Brazil’s PV sector is expected to be one of the main beneficiaries of plans by the country’s energy regulator, ANEEL, to revise its net-metering regulations for distributed generation.
The measures are intended to encourage participation in the scheme, which has so far been hindered by various bureaucratic hurdles.
Depending on which revisions are approved, ANEEL forecasts that up to 700,000 consumers could be using the net-metering system by 2024, amounting to 2.7GW of capacity, up from 141,000 consumers and 596MW capacity without the revisions.
In Brazil, individuals are assigned a fiscal ID number known as a CPS, while companies are assigned a so-called CNPJ. Under current net-metering regulations, credits for electricity can only be compensated under the fiscal ID of the owner of the PV system.
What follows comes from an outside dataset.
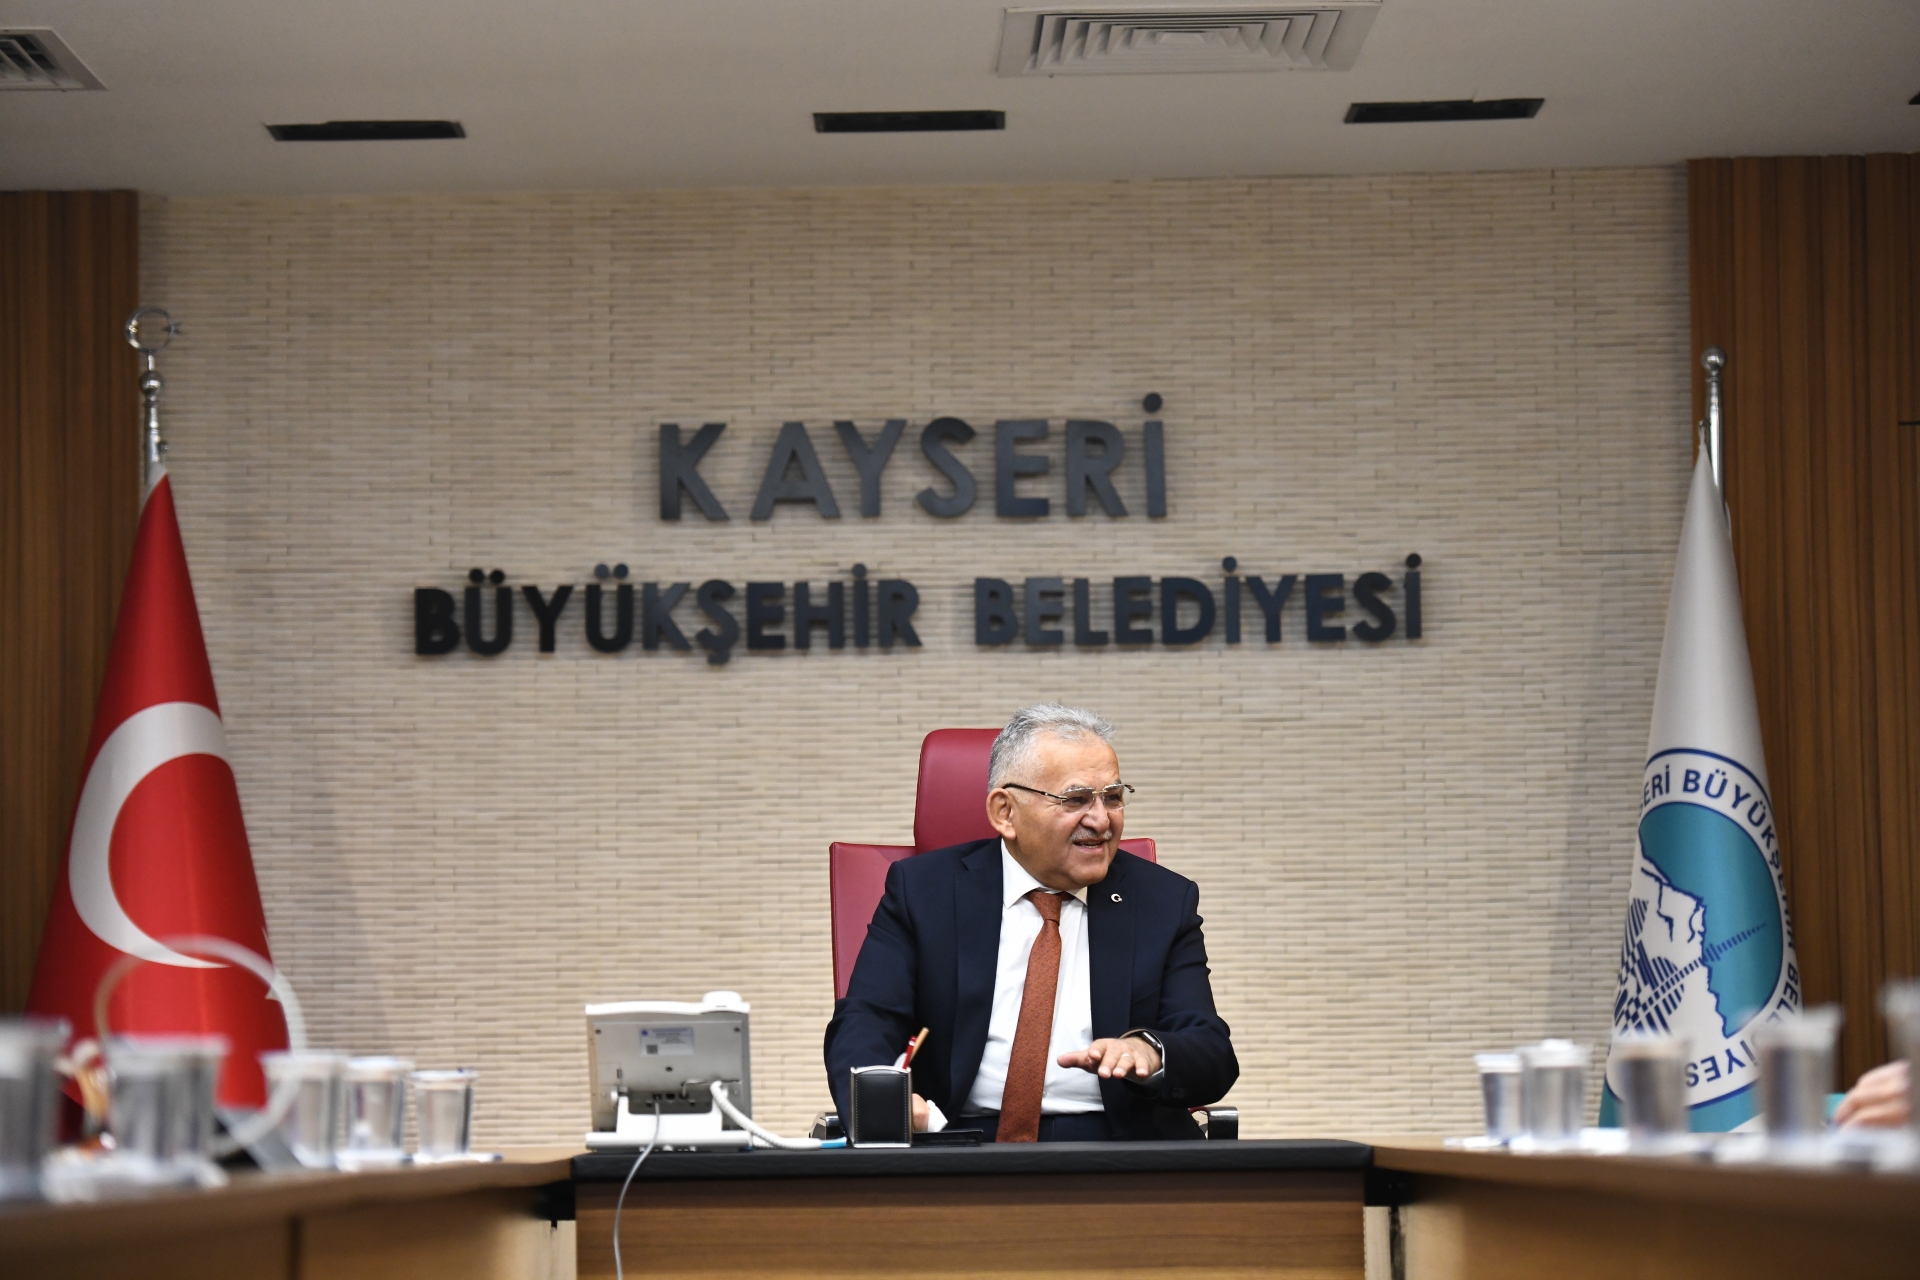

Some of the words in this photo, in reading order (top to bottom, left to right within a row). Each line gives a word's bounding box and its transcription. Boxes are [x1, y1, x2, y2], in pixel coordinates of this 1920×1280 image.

Rodrigo Sauaia, executive director of the Brazilian Solar Industry Association Absolar, told PV Tech that this limitation affects companies which have subsidiaries because they tend to have different fiscal IDs. However, under ANEEL’s proposed revisions, this limitation is likely to be removed.
Similarly, Sauaia said that the proposed revisions will allow people or entities living in shared buildings such as apartment blocks and commercial blocks to be able to share net-metering benefits, instead of needing a separate system for each individual.
Sauaia said: “This is important as it makes the system much more flexible for people and companies in different situations – allowing a broader range of clients.”
“We believe this will allow a significant increase in the potential market for the net-metering scheme especially for PV which now represents between 90-95% of all net-metering installations in the country.”
Furthermore ANEEL plans to increase the scope of all distributed generation systems able to qualify for net metering up to 5MW, an increase on the previous range of just 1MW.
Sauaia said this increase would especially benefit technologies other than solar, which are less versatile in terms of power range, such as co-generation, biomass and hydro power. However he added that it could also be advantageous to big companies interested in PV and large-scale PV rooftop installations, because it allows consumers to get the benefit of scale and reduce the cost per kWh.
ANEEL carried out a study measuring the time it takes for a Brazilian consumer to install a system once it has started procedures with a distribution company. It takes on average 160 days (almost half a year), which is significantly higher than international averages, said Sauaia.
Utilities currently have an 82-day time limit to complete their internal bureaucratic steps before installing the PV system. ANEEL wants to reduce the deadline to just 23 days for systems up to 75kw and 43 days for systems up to 5MW.
Sauaia said this could cut the full 160-day installation average by around half or two thirds. These time savings would increase interest from customers and reduce the average cost of installation
He added: “We are trying to cut the red tape in Brazil, reducing bureaucracy and administration costs – hopefully incentivising use of net metering.”
Sauaia said ANEEL would be holding two public hearings on the revisions including industry associations, companies, government agencies and universities to start on 20 June.
An Absolar statement said: “This is an important step forward. Up until now we only had about installation of about 535 distributed generation systems using the net-metering system of which 500 were PV systems summing a total of around 5-6MW.”
Absolar will be proposing some additional improvements to the regulation including an evaluation of a broader participation of consumers from different configurations of the net-metering scheme, using concepts such as community solar, and virtual net metering.
Finally, Sauaia welcomed the recent ICMS tax exemption for three Brazilian states, Goias, Pernambuco and Sao Paulo on all distributed generation using the net-metering system in their regions, from 1 September 2015.
At the time, Absolar’s expectation was that other states would also want to join this new trend, and Sauaia claims this could result in the addition of a further 200,000 customers to the net-metering scheme.